*** Data listing ***

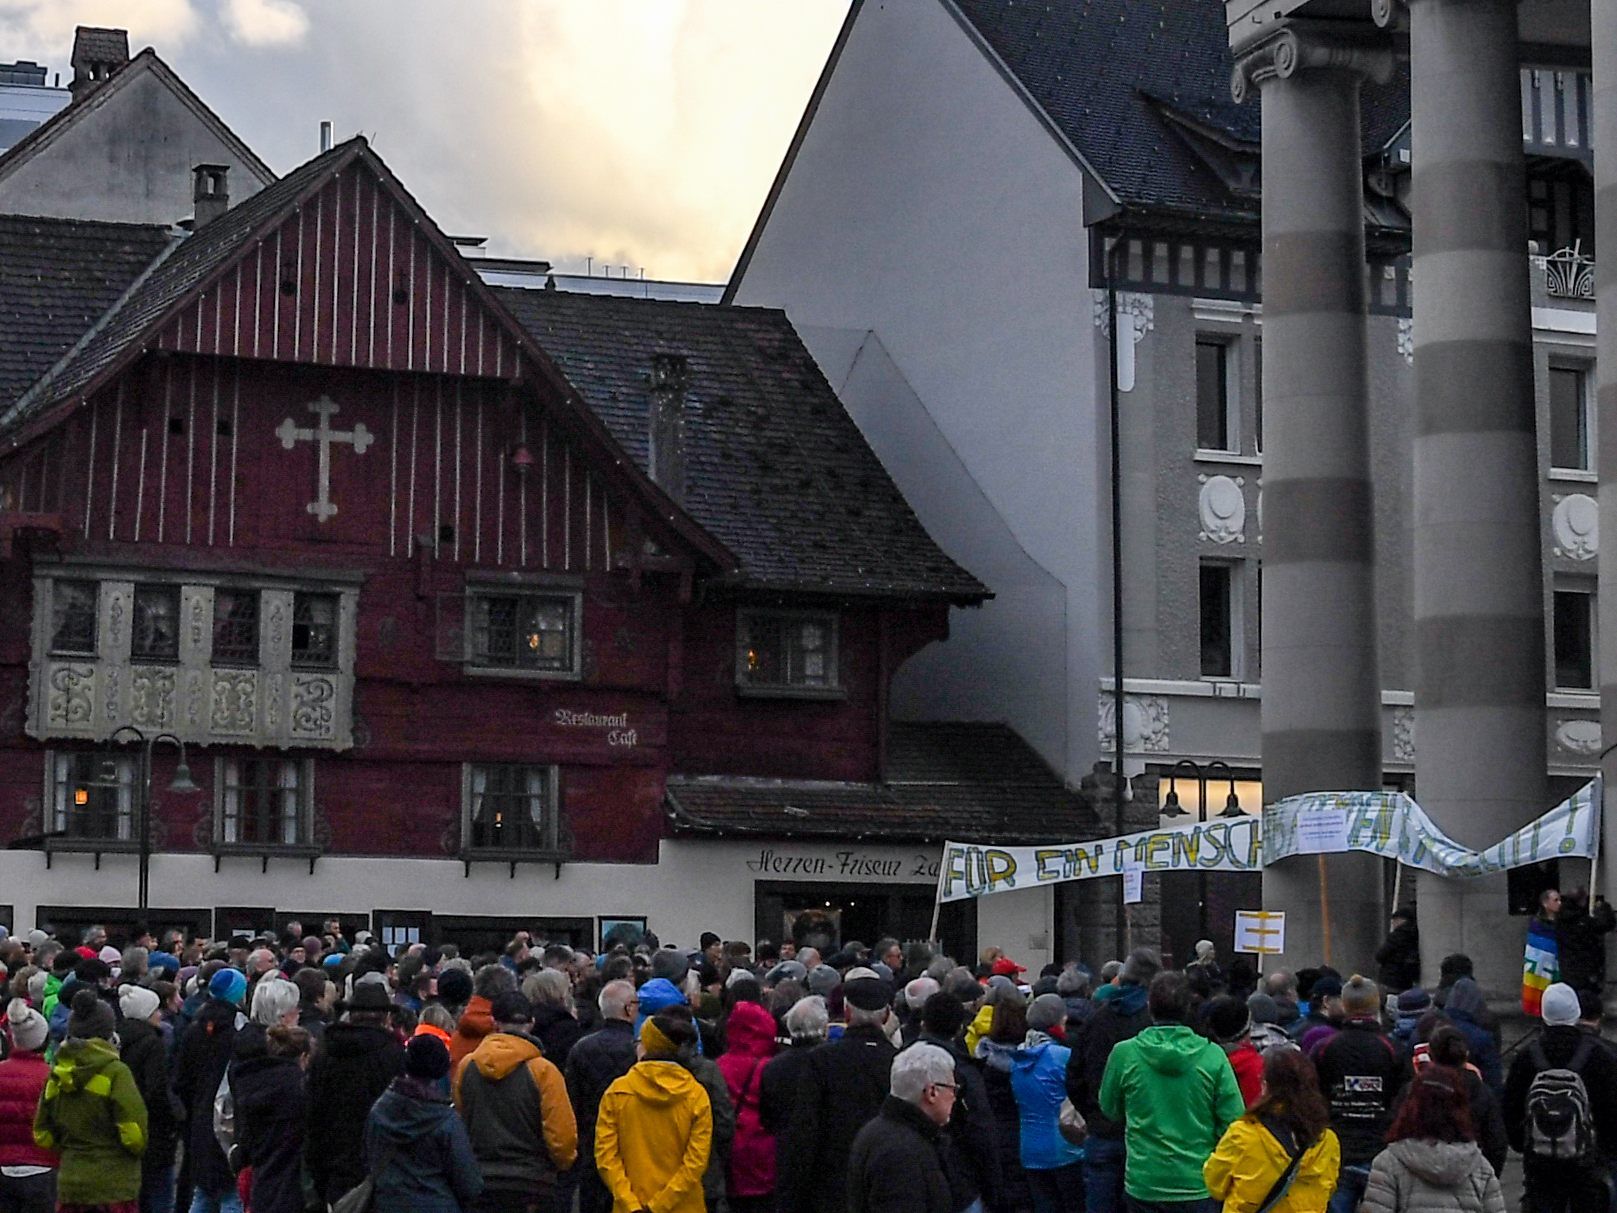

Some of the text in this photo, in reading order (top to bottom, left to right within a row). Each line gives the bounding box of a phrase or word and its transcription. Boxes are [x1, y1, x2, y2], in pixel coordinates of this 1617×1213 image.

[555, 709, 627, 727] Restaurant
[943, 846, 1017, 898] FÜR
[1035, 844, 1103, 882] EIN
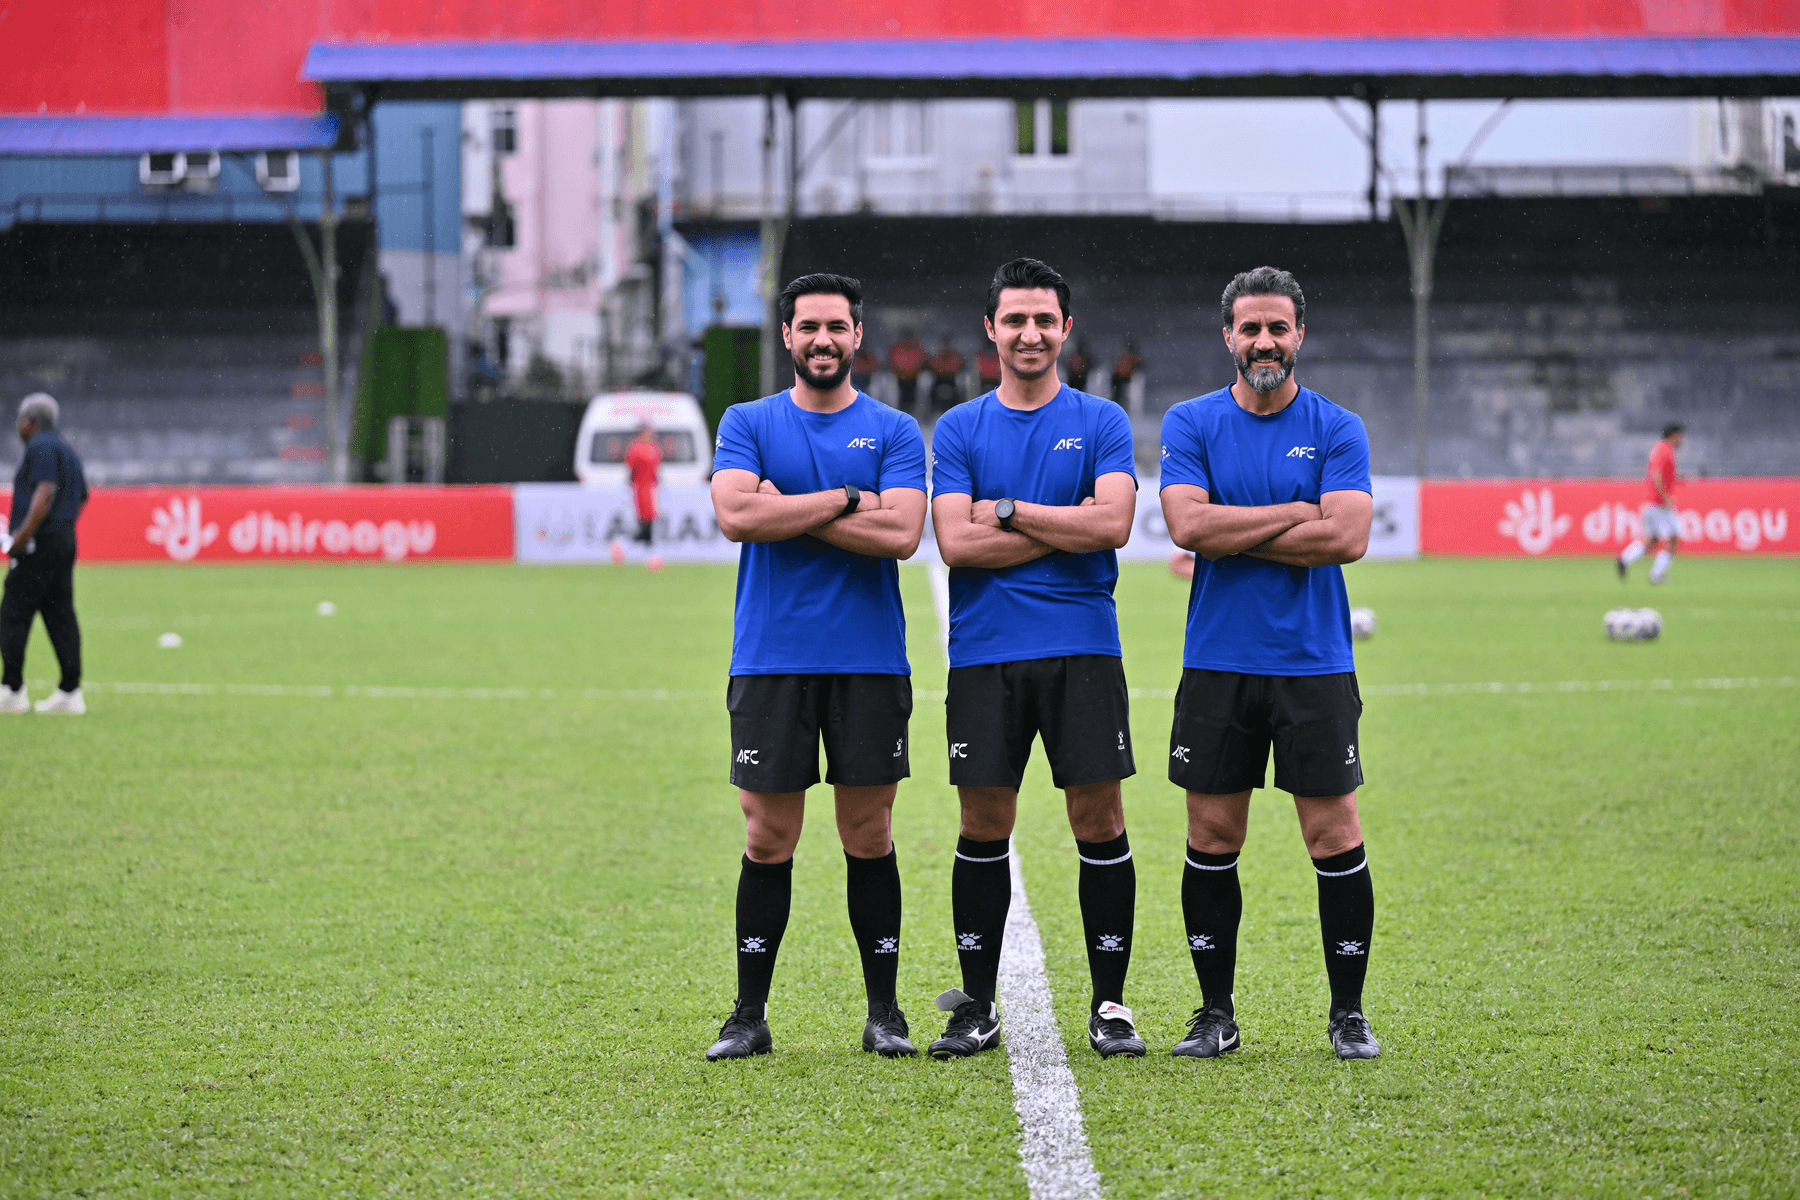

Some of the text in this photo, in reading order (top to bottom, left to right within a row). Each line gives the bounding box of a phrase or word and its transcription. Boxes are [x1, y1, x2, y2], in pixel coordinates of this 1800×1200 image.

[847, 437, 877, 450] AFC
[1053, 437, 1083, 451] AFC
[1285, 446, 1316, 460] AFC
[1582, 501, 1788, 551] dhaagu
[229, 510, 437, 560] dhiraagu
[736, 748, 760, 765] AFC
[1095, 944, 1124, 952] KELME

*** End of Data listing ***

## Task to complete
All of the material above should be set down again exactly, though not its pictures.

## Your response
Some of the text in this photo, in reading order (top to bottom, left to right within a row). Each line gives the bounding box of a phrase or word and its transcription. Boxes are [x1, y1, x2, y2], in pixel coordinates of this 1617×1213 image.

[555, 709, 627, 727] Restaurant
[943, 846, 1017, 898] FÜR
[1035, 844, 1103, 882] EIN

Some of the text in this photo, in reading order (top to bottom, left to right within a row). Each line gives the bounding box of a phrase or word and its transcription. Boxes are [x1, y1, x2, y2], in pixel coordinates of this 1800×1200 image.

[847, 437, 877, 450] AFC
[1053, 437, 1083, 451] AFC
[1285, 446, 1316, 460] AFC
[1582, 501, 1788, 551] dhaagu
[229, 510, 437, 560] dhiraagu
[736, 748, 760, 765] AFC
[1095, 944, 1124, 952] KELME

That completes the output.